C/ Les organisations régionales, internationales et les ONG : quels rôles dans la globalisation ?


a/ Des organisations régionales, vectrices du commerce et des échanges

  •  Les organisations régionales sont des éléments importants du commerce, de la libéralisation des échanges et donc de la mondialisation. On utilise le terme de régionalisme (s) pour désigner le processus conduisant plusieurs états à créer des institutions et organisations régionales. 
  • Le terme régionalisation renvoie à l'intensification des échanges et des flux à l'échelle d'une région, un processus qui ne correspond pas toujours au régionalisme. 
  • On peut mettre en évidence la multiplication des unions régionales à partir des années 1990 à telle enseigne qu'on peut parler d'enchevêtrements (Espace mondial : L' Atlas 2018).
  •  Le « régionalisme est une tendance profonde du XXe siècle » (Espace mondial : L' Atlas 2018). Les organisations régionales avec leurs institutions font partie intégrante des relations internationales et de la géopolitique mondiale. Pour Tanja Börzel et Thomas Risse, le régionalisme est « un processus principalement étatique de création et de maintien d’institutions et d’organisations régionales entre au moins trois états. » La coopération et la concertation que ce soit sur le plan politique, économique, militaire sont des pratiques devenues courantes. On met souvent l’accent sur le régionalisme économique car il est devenu fondamental et il est présent sur tous les continents. Nous mettrons donc l’accent sur ces unions régionales à vocation économique. 
  • Le régionalisme économique est un processus qui met en avant la coopération à ce niveau entre les Etats avec des intérêts et objectifs communs. Le régionalisme économique remontre au 19e siècle en particulier avec la création du Zollverein, une union douanière entre les principautés allemandes de l’époque. 
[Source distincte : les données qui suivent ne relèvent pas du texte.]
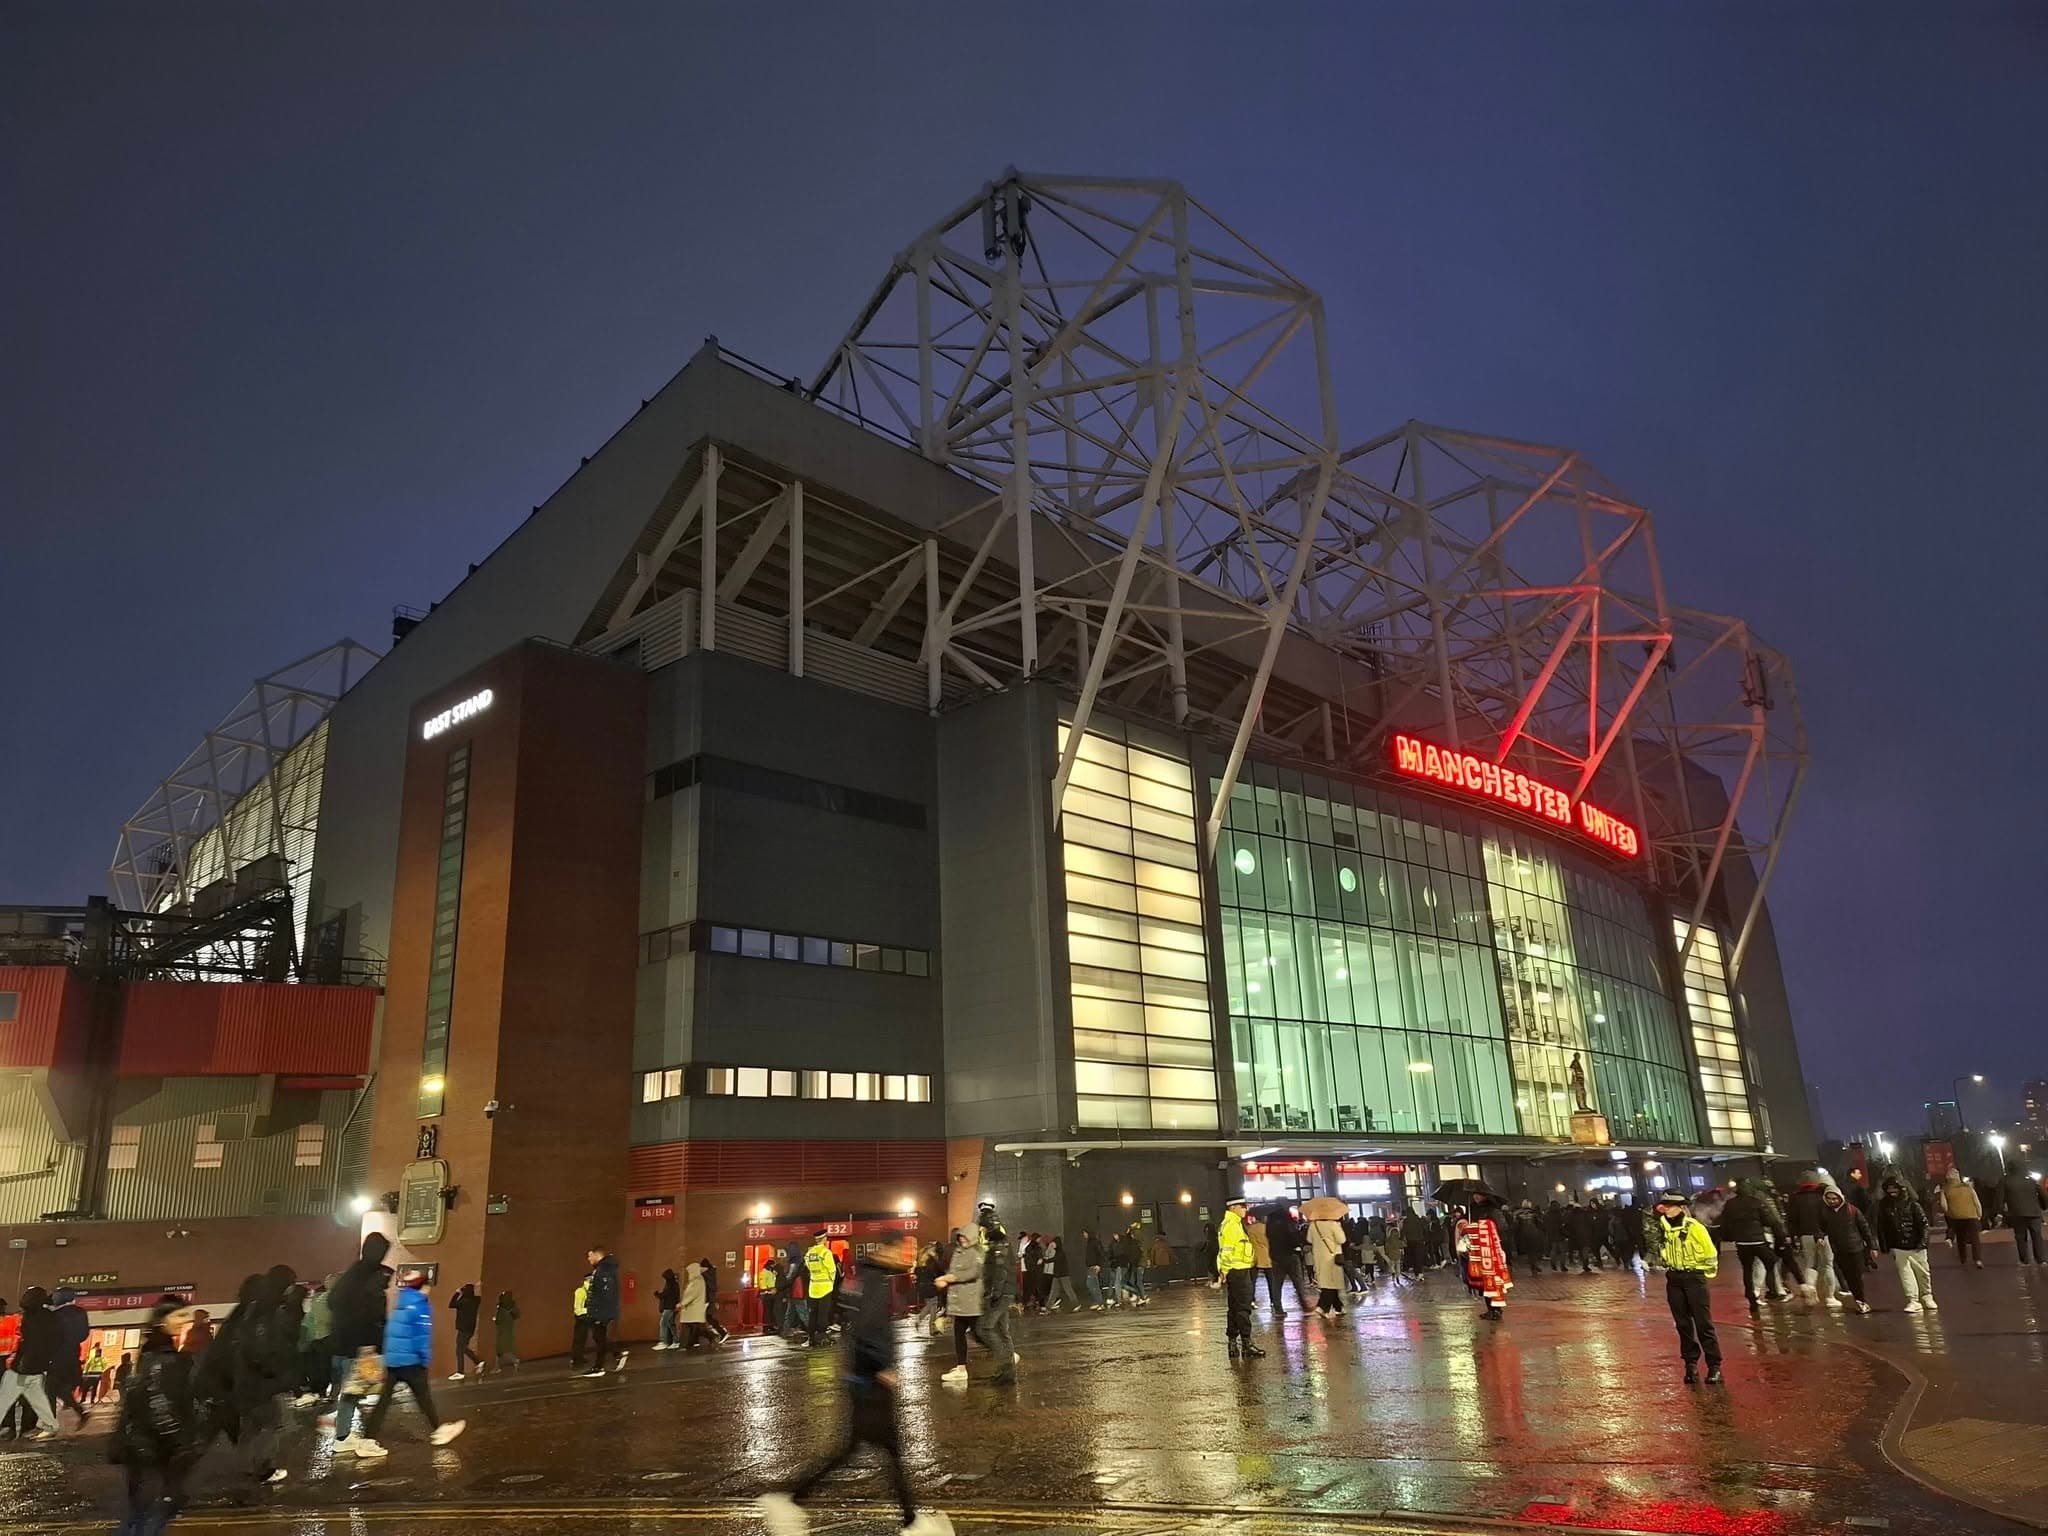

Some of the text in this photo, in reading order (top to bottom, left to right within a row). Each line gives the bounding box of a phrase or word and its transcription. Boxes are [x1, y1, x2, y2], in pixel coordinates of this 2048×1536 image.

[423, 688, 493, 740] EAST STAND
[1396, 735, 1638, 855] MANCHESTER UNITED
[827, 1224, 847, 1234] E32
[904, 1220, 919, 1230] E32
[748, 1228, 766, 1238] E32
[67, 1275, 85, 1284] AE1
[90, 1274, 109, 1283] AE2
[107, 1297, 121, 1307] E31
[126, 1296, 143, 1306] E31
  • Mais il faut rappeler que le régionalisme se développe véritablement après la Seconde guerre mondiale et notamment dans le contexte de la guerre froide. 
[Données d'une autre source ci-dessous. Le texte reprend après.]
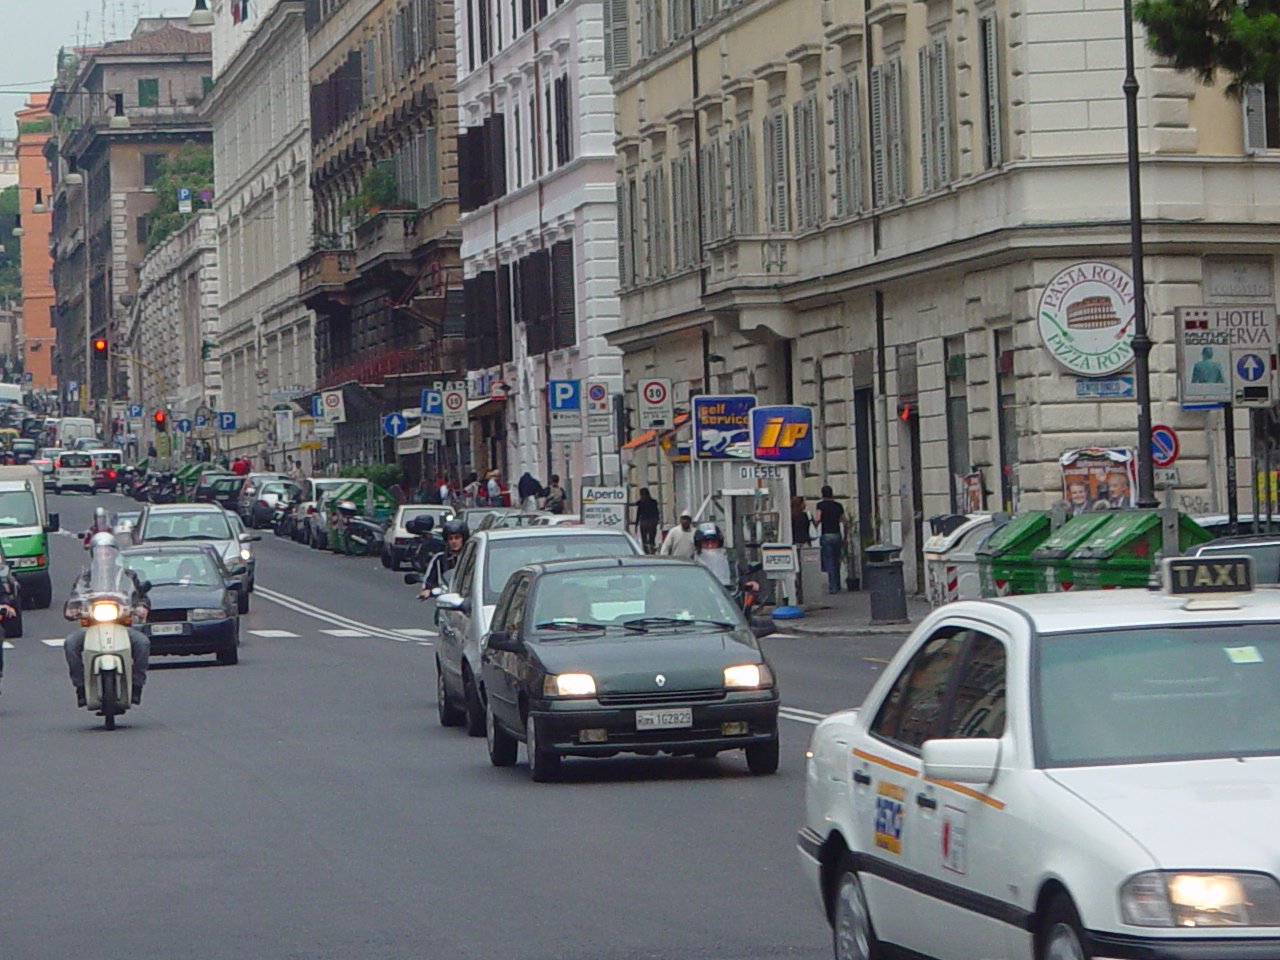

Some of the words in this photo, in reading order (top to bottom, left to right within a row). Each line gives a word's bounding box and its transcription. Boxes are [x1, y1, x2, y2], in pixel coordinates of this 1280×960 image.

[1043, 266, 1088, 308] PASTA
[1215, 310, 1269, 327] HOTEL
[1185, 338, 1229, 346] SOCIALE
[1047, 333, 1091, 370] PIZZA
[555, 383, 574, 408] P
[649, 388, 661, 399] 30
[426, 392, 441, 412] P
[700, 403, 726, 415] self
[132, 406, 141, 417] P
[222, 414, 234, 428] P
[741, 466, 782, 479] DIESEL
[587, 489, 625, 500] Aperto
[1172, 563, 1247, 588] TAXI
  • La Communauté européenne du Charbon et de l’Acier qui est créée en 1951 pour devenir en 1957 la Communauté économique Européenne (CEE) est une illustration de ce processus de régionalisation économique post-seconde guerre mondiale. 
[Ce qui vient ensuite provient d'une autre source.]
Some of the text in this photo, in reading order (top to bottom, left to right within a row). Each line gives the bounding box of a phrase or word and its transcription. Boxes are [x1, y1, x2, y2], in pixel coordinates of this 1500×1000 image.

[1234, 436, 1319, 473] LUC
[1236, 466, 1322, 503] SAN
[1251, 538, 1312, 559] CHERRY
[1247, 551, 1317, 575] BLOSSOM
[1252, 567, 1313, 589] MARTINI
  • Mais on peut aussi rappeler que dès 1948 la CEPAL (Commission Economique Pour l’Amérique Latine) avait mis en évidence l’importance pour les pays d’Amérique latine de se rapprocher économiquement. D’ailleurs en 1960 est fondée l’Association latino-américaine de libre échange (ALALE) avec le traité de Montevideo). Le régionalisme économique ne se limite donc pas à l’Europe.
  • C’est également en 1960 qu’est créé le Marché Commun Centraméricain (MCCA). Plus tard, toujours en Amérique latine sont fondés le Pacte andin en 1969...On peut ainsi parler d’une régionalisme de première génération qui est celui des années 1950-1970. Les années 1980-1990 sont des années où la création d’unions régionales se multiplient d’où l’idée d’un régionalisme de seconde génération. 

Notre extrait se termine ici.